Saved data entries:
───

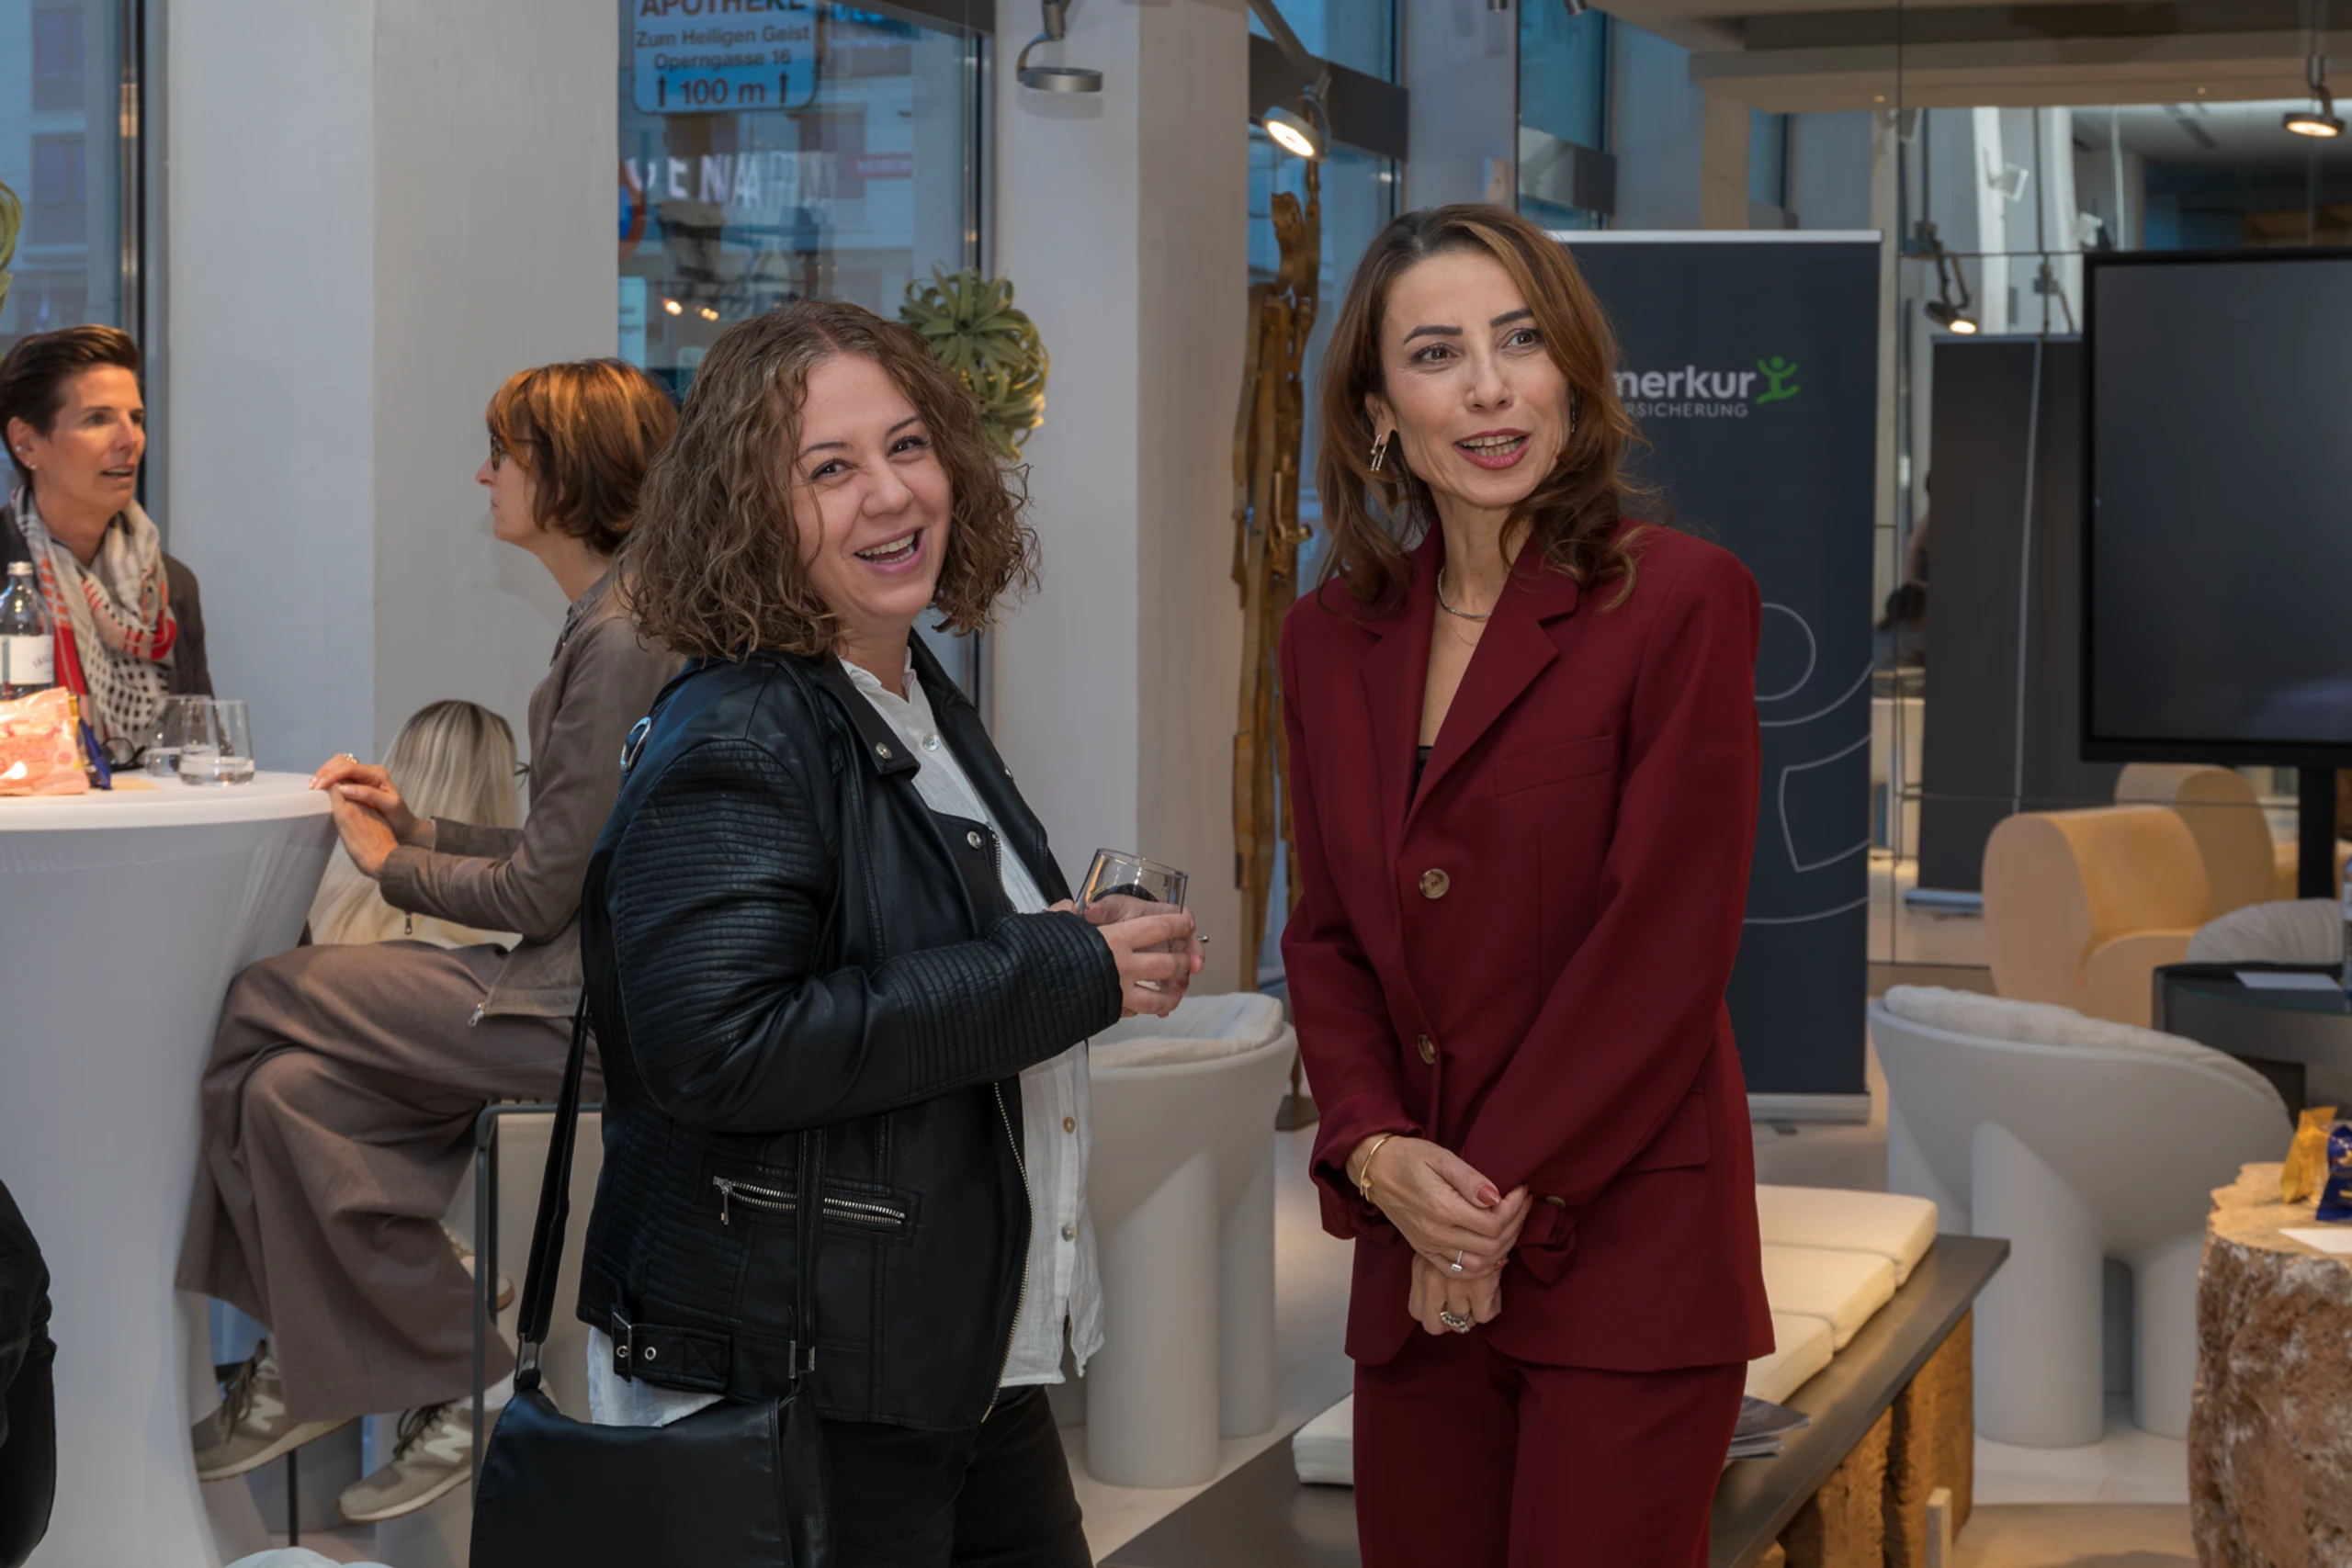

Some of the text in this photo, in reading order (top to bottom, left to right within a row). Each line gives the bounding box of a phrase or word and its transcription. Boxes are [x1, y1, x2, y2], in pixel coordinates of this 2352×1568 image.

[637, 24, 810, 47] Zum Heiligen Geist
[653, 48, 792, 72] Operngasse 16
[681, 77, 765, 105] 100 m
[1624, 401, 1748, 417] RSICHERUNG
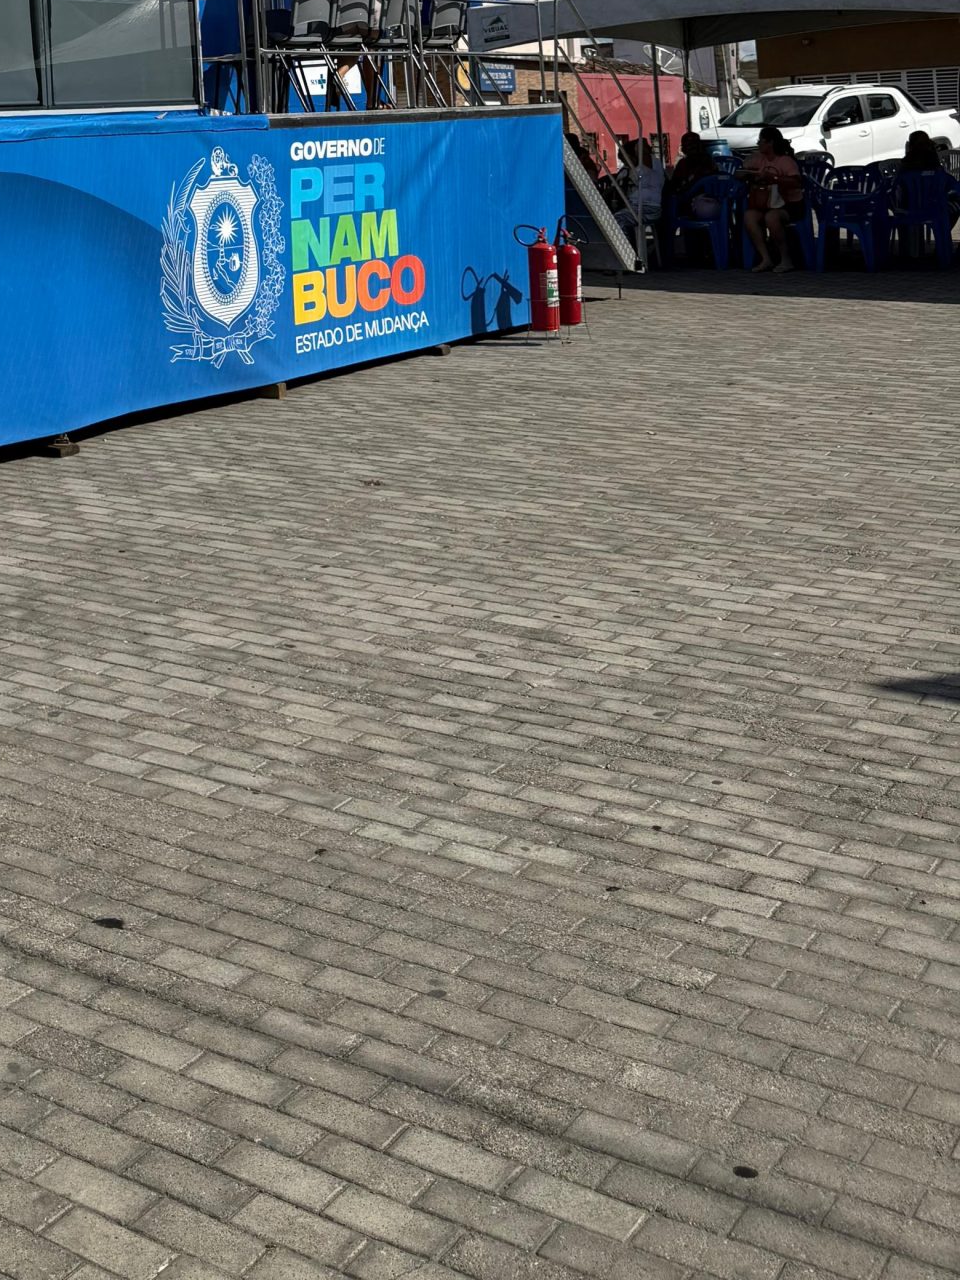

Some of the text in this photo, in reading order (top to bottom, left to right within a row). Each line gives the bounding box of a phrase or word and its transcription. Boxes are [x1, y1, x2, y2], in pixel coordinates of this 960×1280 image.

───

Instructions to follow: Leave out the pictures and repeat the remaining data exactly.

Answer to the problem:
Some of the text in this photo, in reading order (top to bottom, left to right within a row). Each line gives the bounding box of a phrase or word and its transcription. Boxes are [x1, y1, x2, y2], in pixel coordinates of this 2352×1568 image.

[637, 24, 810, 47] Zum Heiligen Geist
[653, 48, 792, 72] Operngasse 16
[681, 77, 765, 105] 100 m
[1624, 401, 1748, 417] RSICHERUNG

Some of the text in this photo, in reading order (top to bottom, left to right within a row). Each line gives the bounding box of a phrase or word and its transcription. Boxes are [x1, y1, x2, y2], in pixel coordinates of this 960×1280 image.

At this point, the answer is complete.